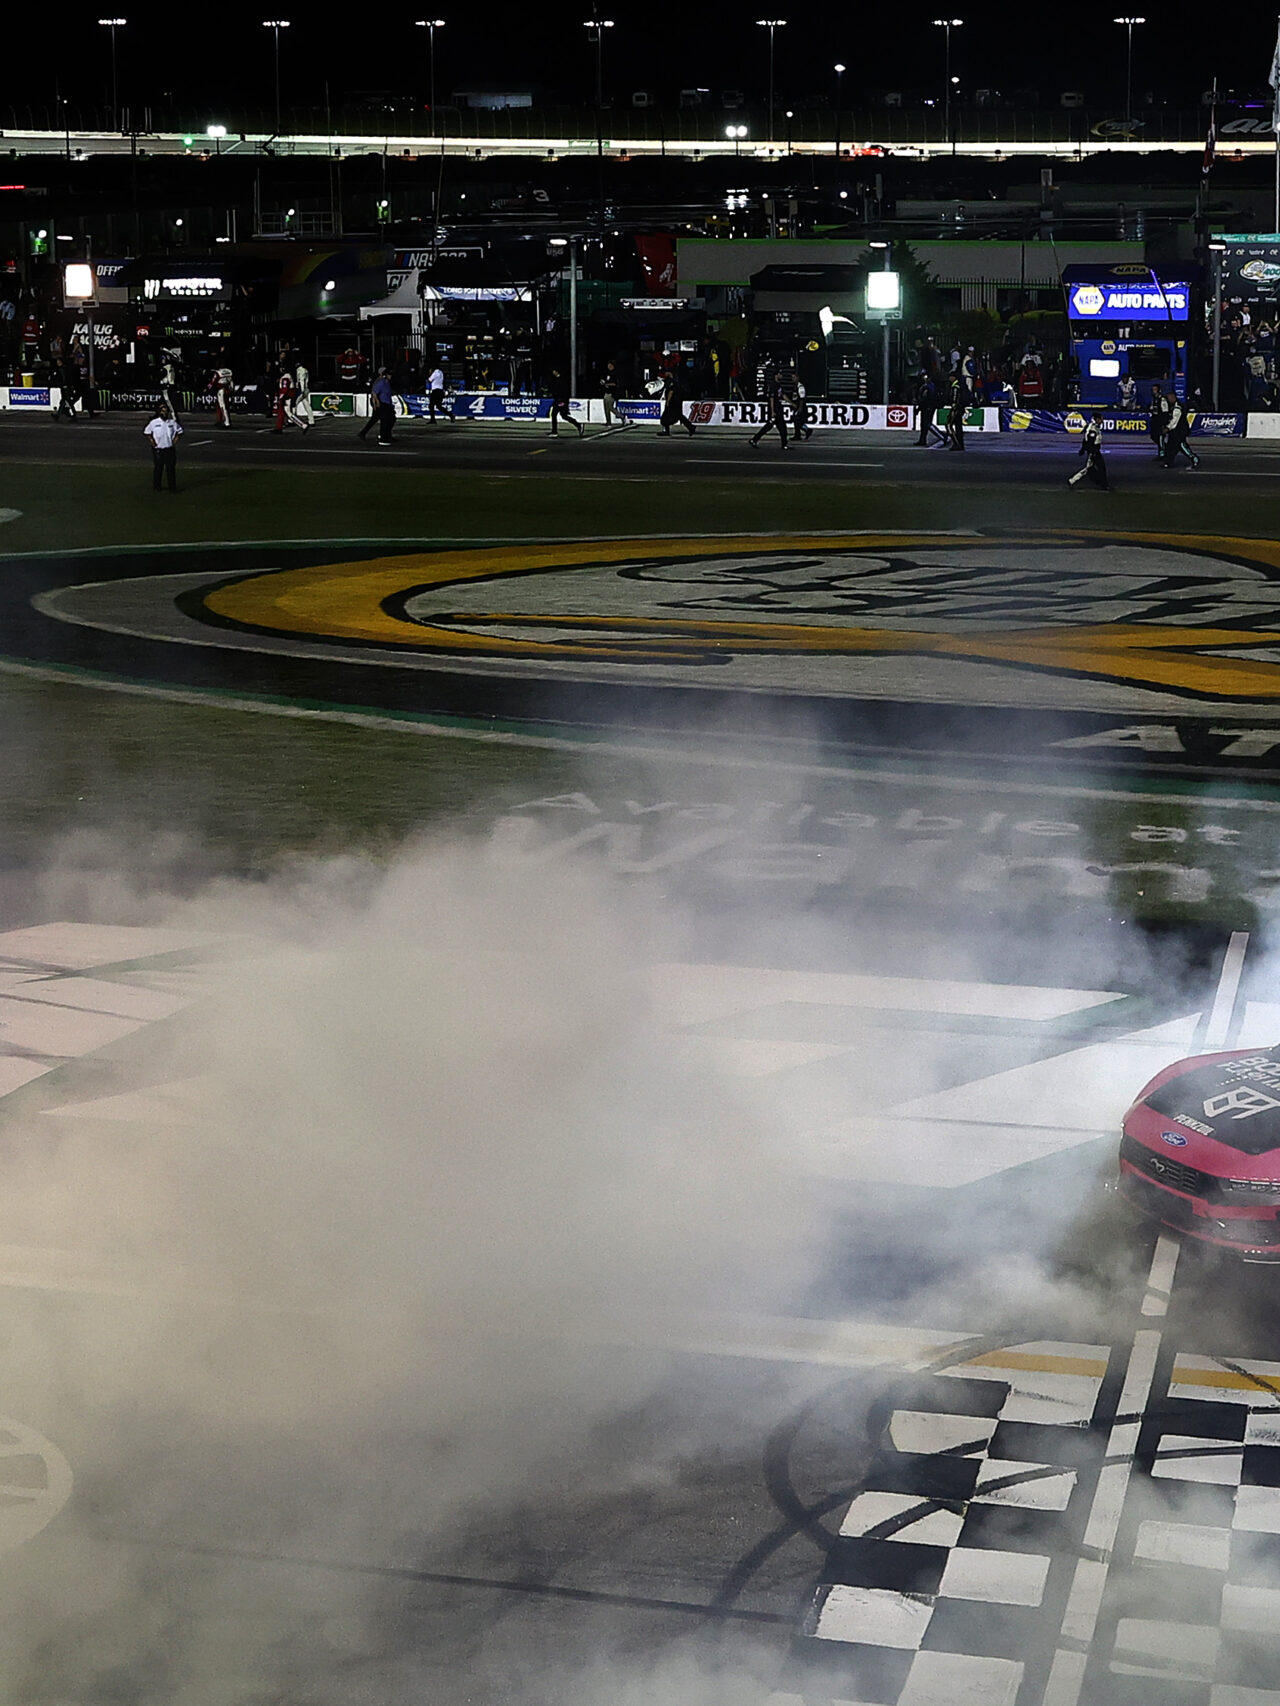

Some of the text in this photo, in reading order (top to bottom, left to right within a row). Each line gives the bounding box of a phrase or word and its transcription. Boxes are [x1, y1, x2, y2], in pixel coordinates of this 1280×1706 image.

[532, 188, 550, 202] 3
[1078, 293, 1186, 309] NAPA AUTO PARTS
[69, 334, 111, 346] RACNG
[10, 393, 40, 401] Walmart
[112, 393, 162, 402] MONSTER
[196, 394, 248, 404] MONER
[521, 398, 540, 406] JOHN
[468, 395, 485, 414] 4
[505, 405, 538, 414] SILVER'S
[688, 401, 717, 424] 19
[803, 404, 870, 427] BIRD
[1116, 420, 1147, 431] PARTS
[1201, 416, 1238, 428] Hendrick
[511, 792, 1244, 846] Available at
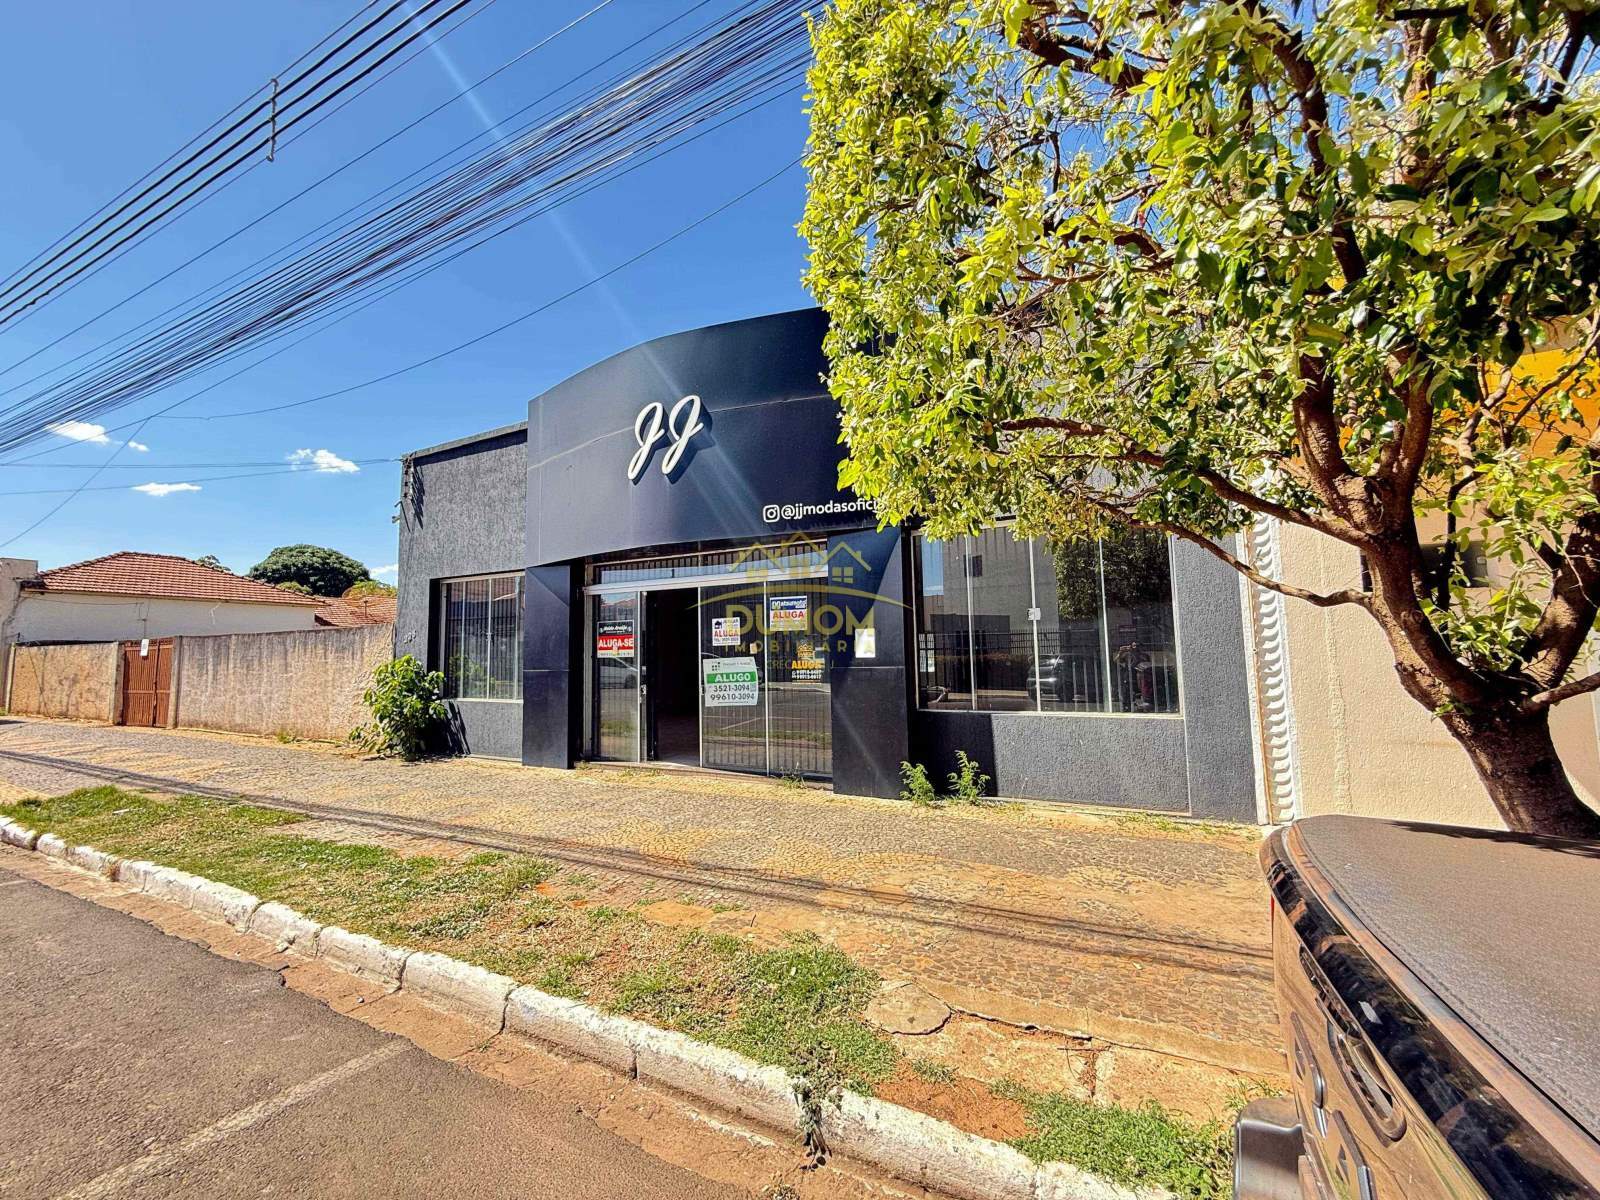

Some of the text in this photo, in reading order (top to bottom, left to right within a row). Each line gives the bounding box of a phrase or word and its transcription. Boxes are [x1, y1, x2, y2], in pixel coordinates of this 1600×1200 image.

---+---

Transcribe all records verbatim and omit each image.

Solution:
Some of the text in this photo, in reading order (top to bottom, left to right within a row). Each line gives the bounding box of a phrase or word and its transcription. Boxes are [x1, y1, x2, y2], in pixel coordinates of this 1280×1706 image.

[532, 188, 550, 202] 3
[1078, 293, 1186, 309] NAPA AUTO PARTS
[69, 334, 111, 346] RACNG
[10, 393, 40, 401] Walmart
[112, 393, 162, 402] MONSTER
[196, 394, 248, 404] MONER
[521, 398, 540, 406] JOHN
[468, 395, 485, 414] 4
[505, 405, 538, 414] SILVER'S
[688, 401, 717, 424] 19
[803, 404, 870, 427] BIRD
[1116, 420, 1147, 431] PARTS
[1201, 416, 1238, 428] Hendrick
[511, 792, 1244, 846] Available at

Some of the text in this photo, in reading order (top to bottom, left to right within a row). Each line gives the bounding box of a phrase or word and its transcription. Boxes are [x1, y1, x2, y2], in pixel coordinates of this 1600×1200 image.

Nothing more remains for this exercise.